Still thinking about Morris & Goldsworthy's view that what they call digital PR somehow diminishes its unique strength.
The view chimes with Morris's one time colleague Tim Bell, who is quoted by Richard Bailey in Tench & Yeomans (2009) as describing PR as "the use of third-party endorsement to inform and persuade." This works quite well in explaining 20th century media relations, but less effective as a critique of modern PR, which is shaped significantly by online activity.
The reason PR relied so heavily on media relations was not to do with somehow legitimising and or authenticating its messages but simple logistics. Newspapers, magazines, television and radio were channels for reaching people in ways it was very difficult to achive without them. Get a story in a national newspaper and they do the otherwise very expensive transport work of getting a message out to lots of people very quickly.
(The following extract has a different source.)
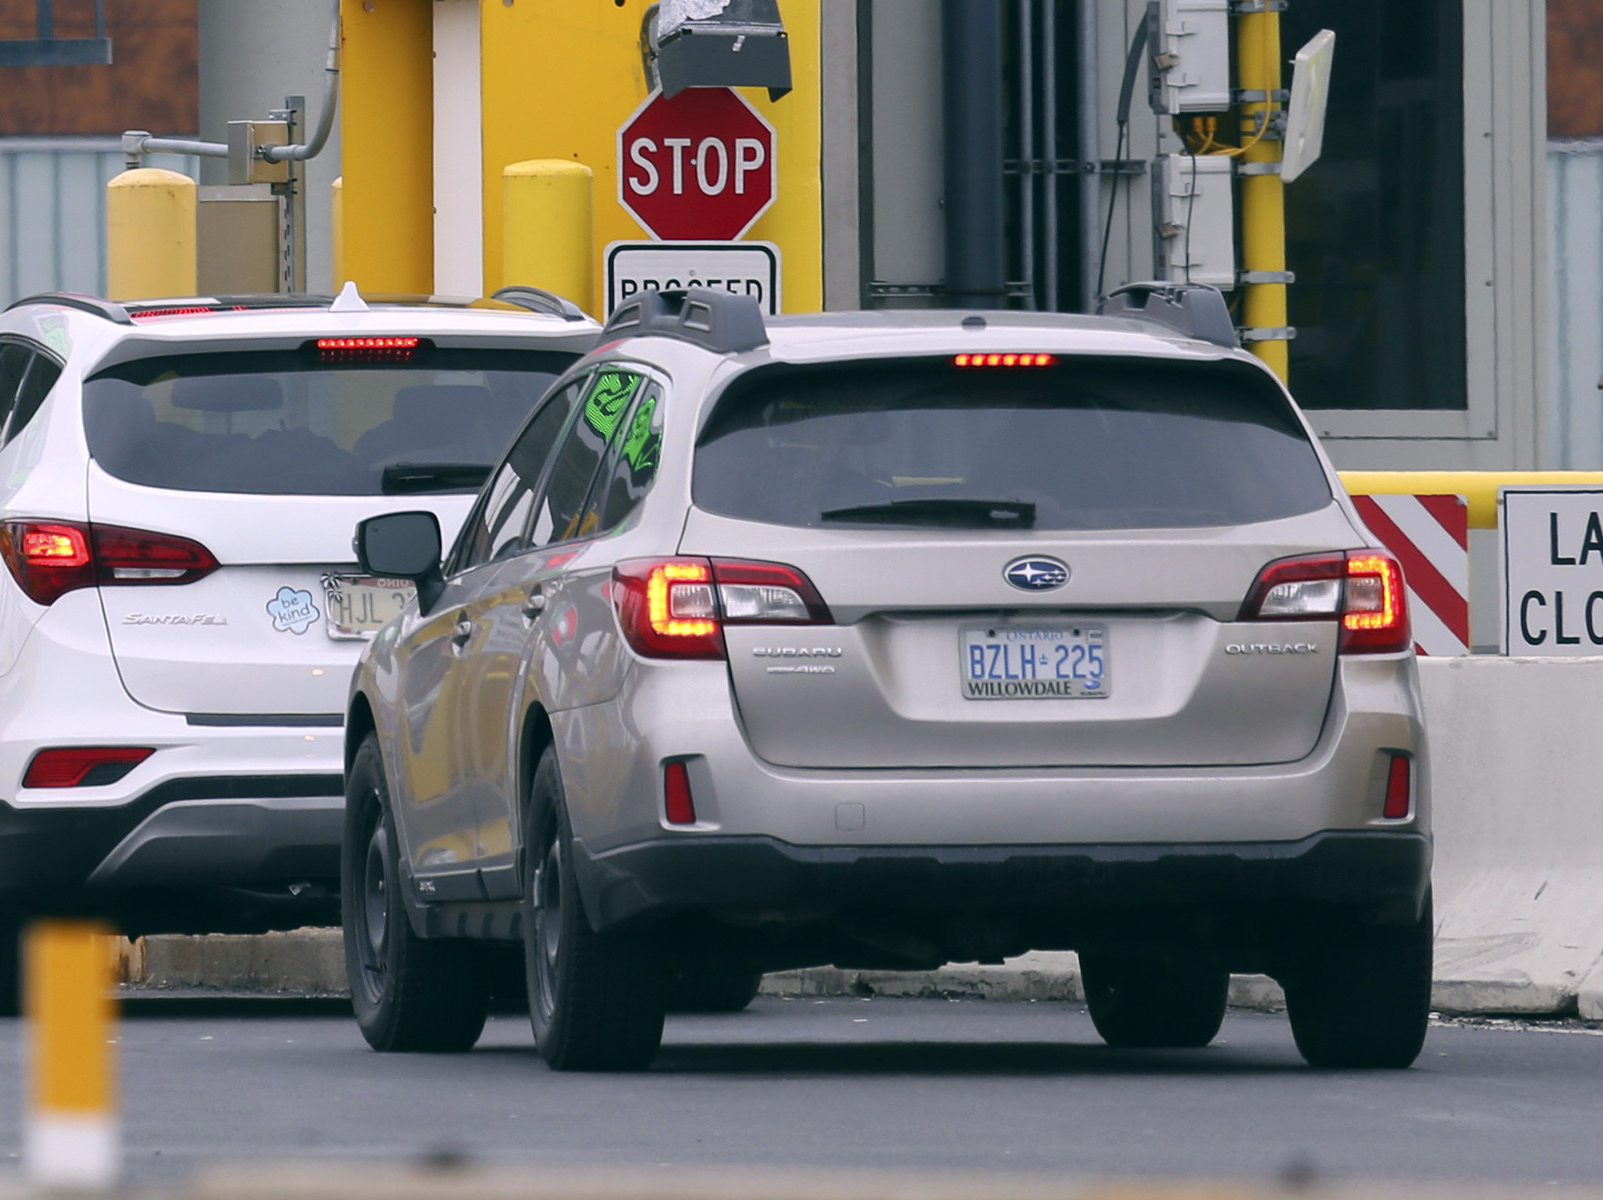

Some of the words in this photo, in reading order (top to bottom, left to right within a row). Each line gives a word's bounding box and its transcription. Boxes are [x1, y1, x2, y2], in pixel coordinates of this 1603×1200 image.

It was about trucks, trains and transmitters.
Online changes that. Message creation still involves investment but (broadly) distribution pretty much doesn't.
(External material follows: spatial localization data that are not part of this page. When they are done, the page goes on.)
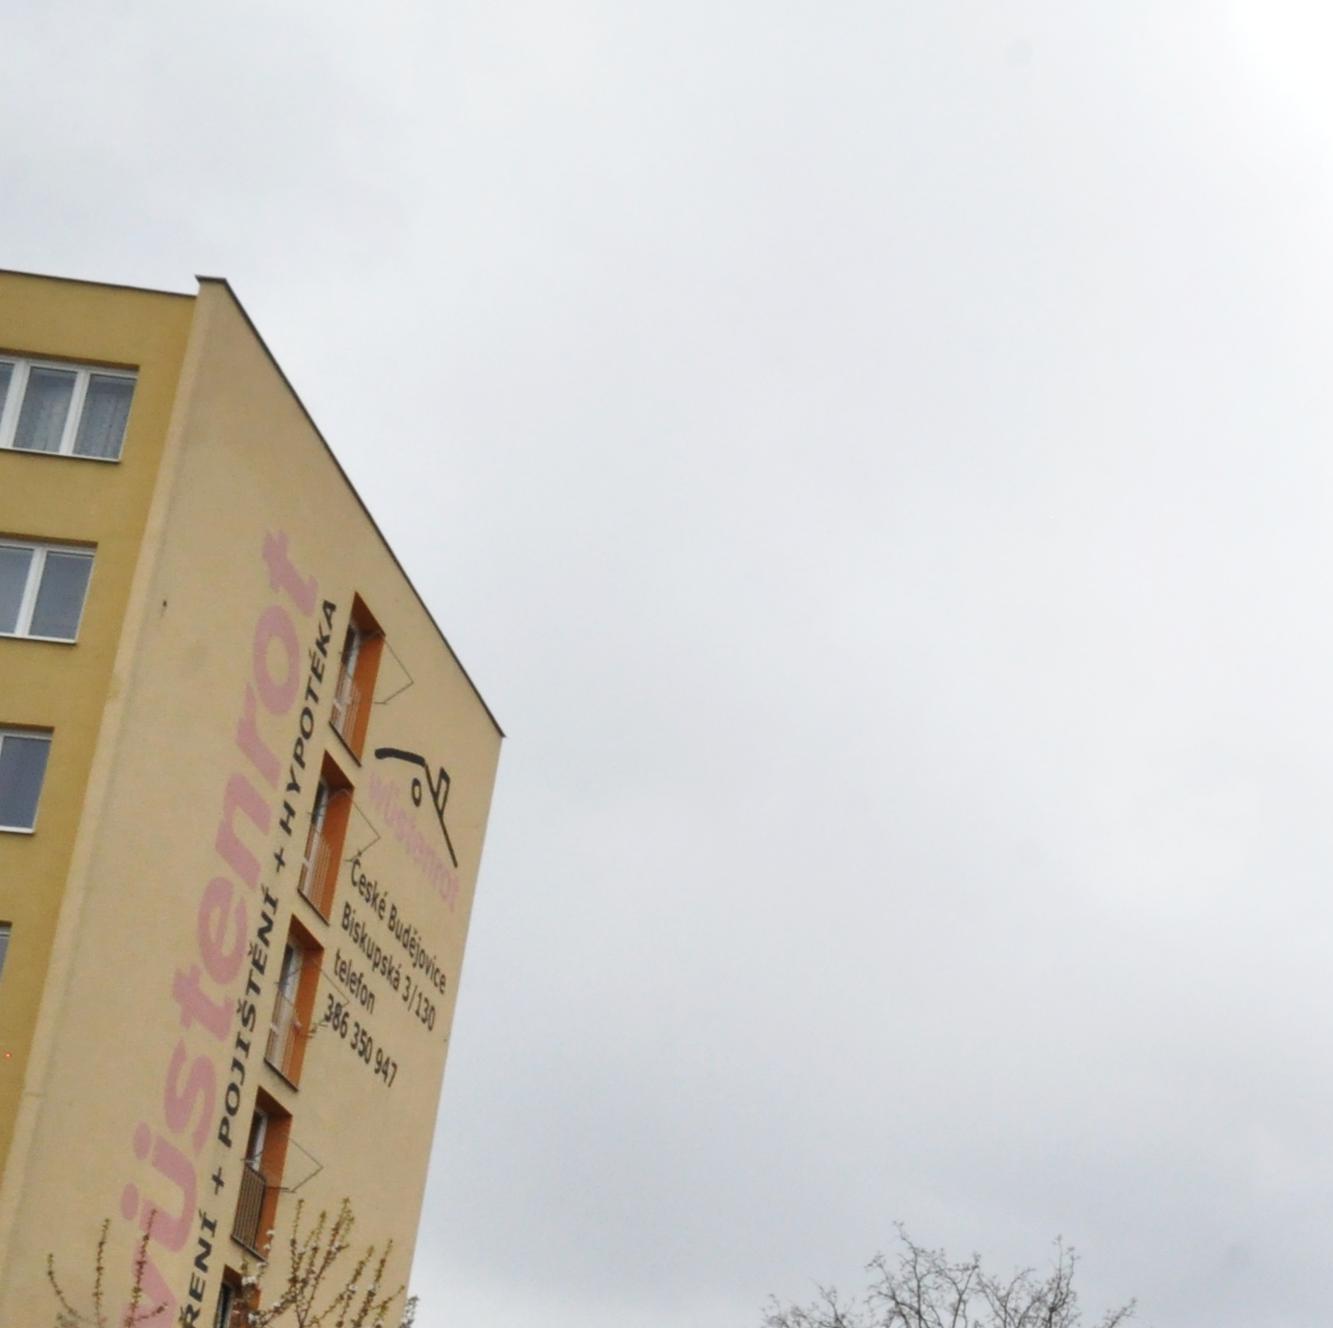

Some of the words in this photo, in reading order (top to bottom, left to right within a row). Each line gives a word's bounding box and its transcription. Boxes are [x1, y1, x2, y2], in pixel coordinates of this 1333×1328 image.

[217, 882, 280, 1148] POJIŠTĚNÍ
[279, 599, 337, 838] HYPOTÉKA
[350, 848, 387, 921] České
[388, 909, 447, 995] Budějovice
[334, 947, 376, 1016] telefon
[341, 902, 402, 991] Biskupská
[401, 975, 436, 1032] 3/130
[323, 992, 348, 1039] 386
[350, 1021, 373, 1065] 350
[374, 1054, 398, 1089] 947
The hard bit is not making content available, but getting it noticed and making it interesting.
Here, big name media platforms are still matter. One of the reasons that it is so useful to have a message covered by a major news platform, be it the Guardian or the Sun, is that 'traditional' media stories are much more interesting. And they are interesting, partly because of the skill and judgment of the writers but mostly because good stories and features draw on many different sources in a way PR puffery does not.
The added value is not so much "If it is in the Financial Times it must be true" but that the richness of journalism adds context. It is hard for so-called brand journalists to draw on competitor sources or find the oblique perspectives that make for a compelling read.
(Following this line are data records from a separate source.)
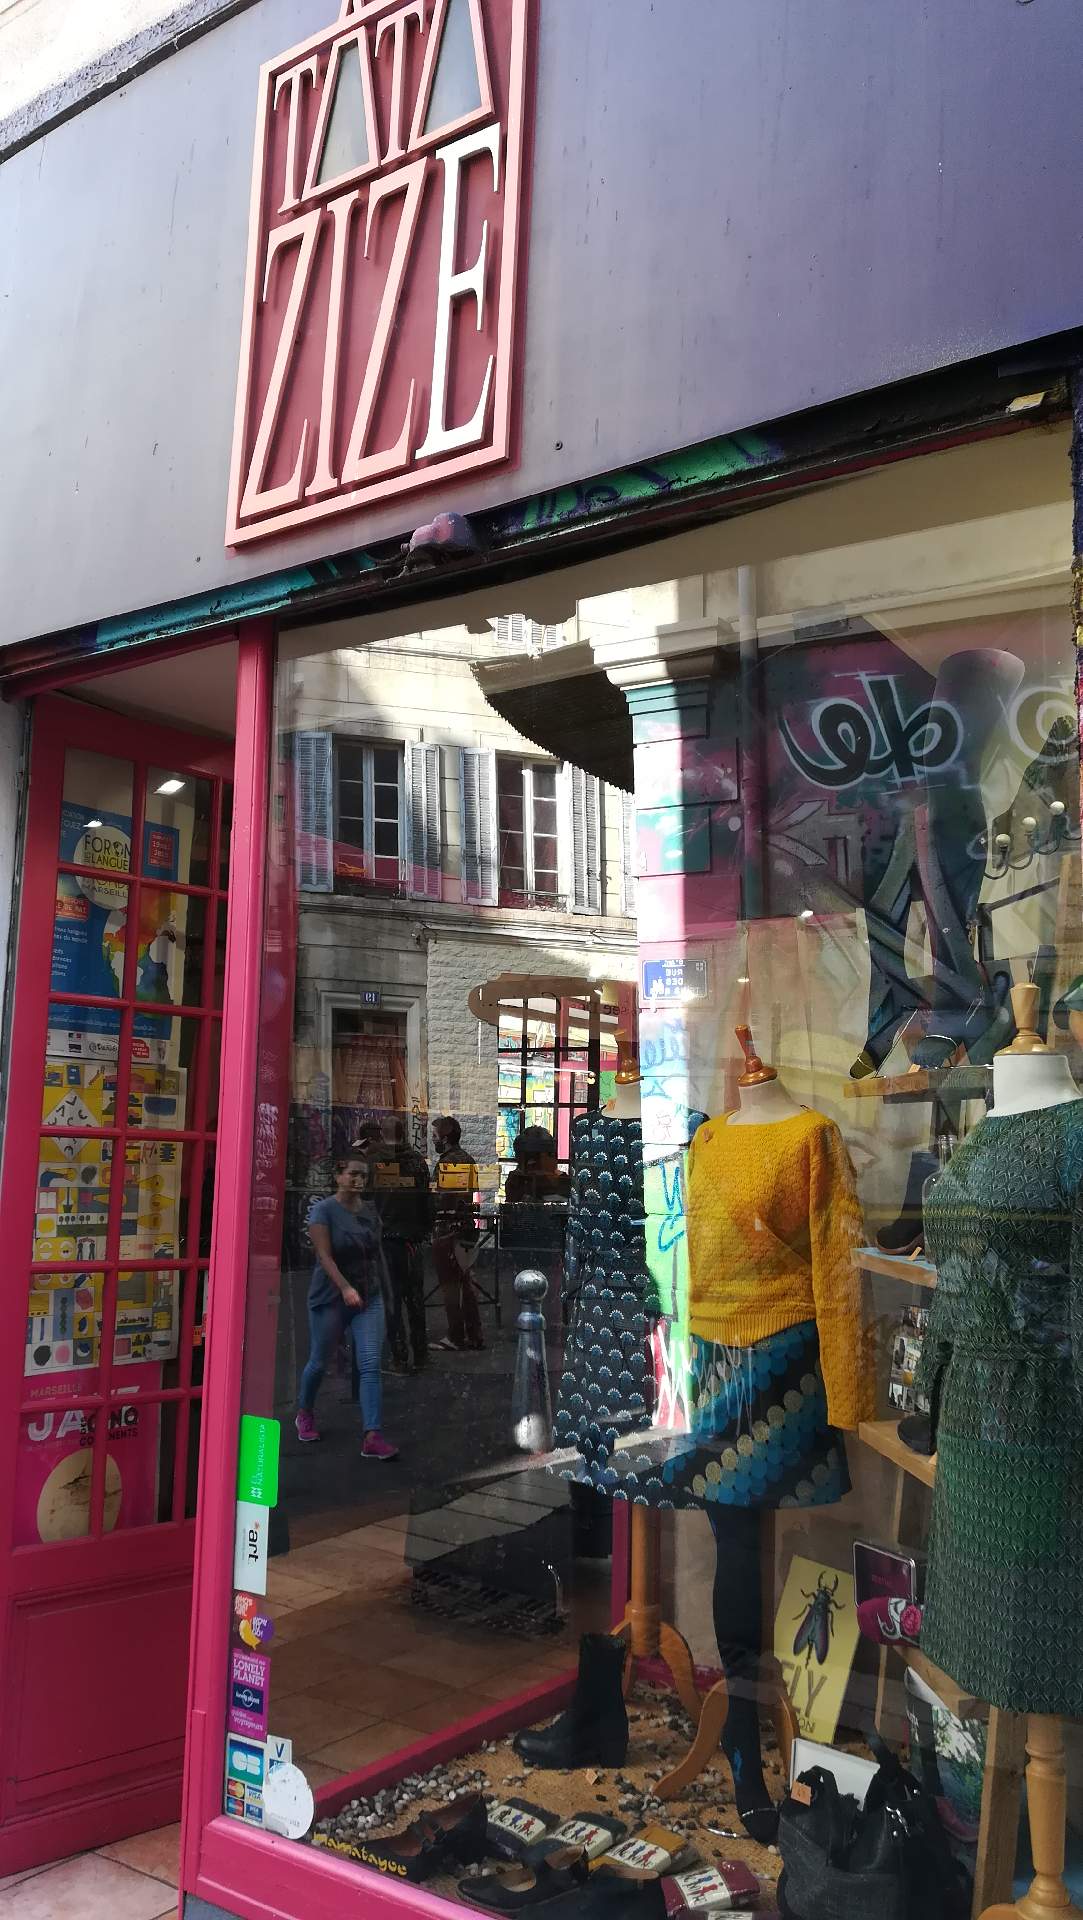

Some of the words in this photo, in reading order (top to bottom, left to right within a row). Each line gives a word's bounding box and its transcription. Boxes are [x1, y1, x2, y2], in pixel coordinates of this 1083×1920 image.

[274, 0, 496, 214] TATA
[240, 122, 501, 517] ZIZE
[91, 853, 129, 871] LANGUE
[82, 883, 128, 898] MARSEILL
[248, 1529, 260, 1563] art
[233, 1658, 265, 1676] LONELY
[233, 1669, 265, 1687] PLANET
[232, 1750, 261, 1776] CB
[248, 1788, 262, 1801] VISA
Te traditional send-a-press-release-to-the-usual-suspects style of media relations has to be superseded by making interesting information to a wide range of commentators, some of whom will have the skill to weave compelling content. OK, few will begin to deliver the circualtion numbers associated with the heyday of Fleet Street, or even today's Wapping, but both the cumulative effect and the ability to engage with sophisticated niche areas offers every bit as much potential.
(Approaching this from another angle, it is easy to see Twitter retweets, for example, as an archetypal example of the third party endorsement model. I read this and needed to pass it on).
One of the weaknesses of discussing "digital PR" is that it seems to encourage the view that it is about digitising the same content that has always been part of PR outputs, a bit like drawing the distinction between a film camera and digital camera. Somewhow it misses the crucial implications of digital transmission, which are about unlimited reach and unlimited replication and amplification.
Organisations used to need to hitch a ride on high capital cost media platforms to achieve reach, replication and amplification. Now they have direct access to the channels - if they can create the right content.
Digital PR doesn't undermine PR's unique selling point, it makes doing what PR should do more worthwhile (if more challenging).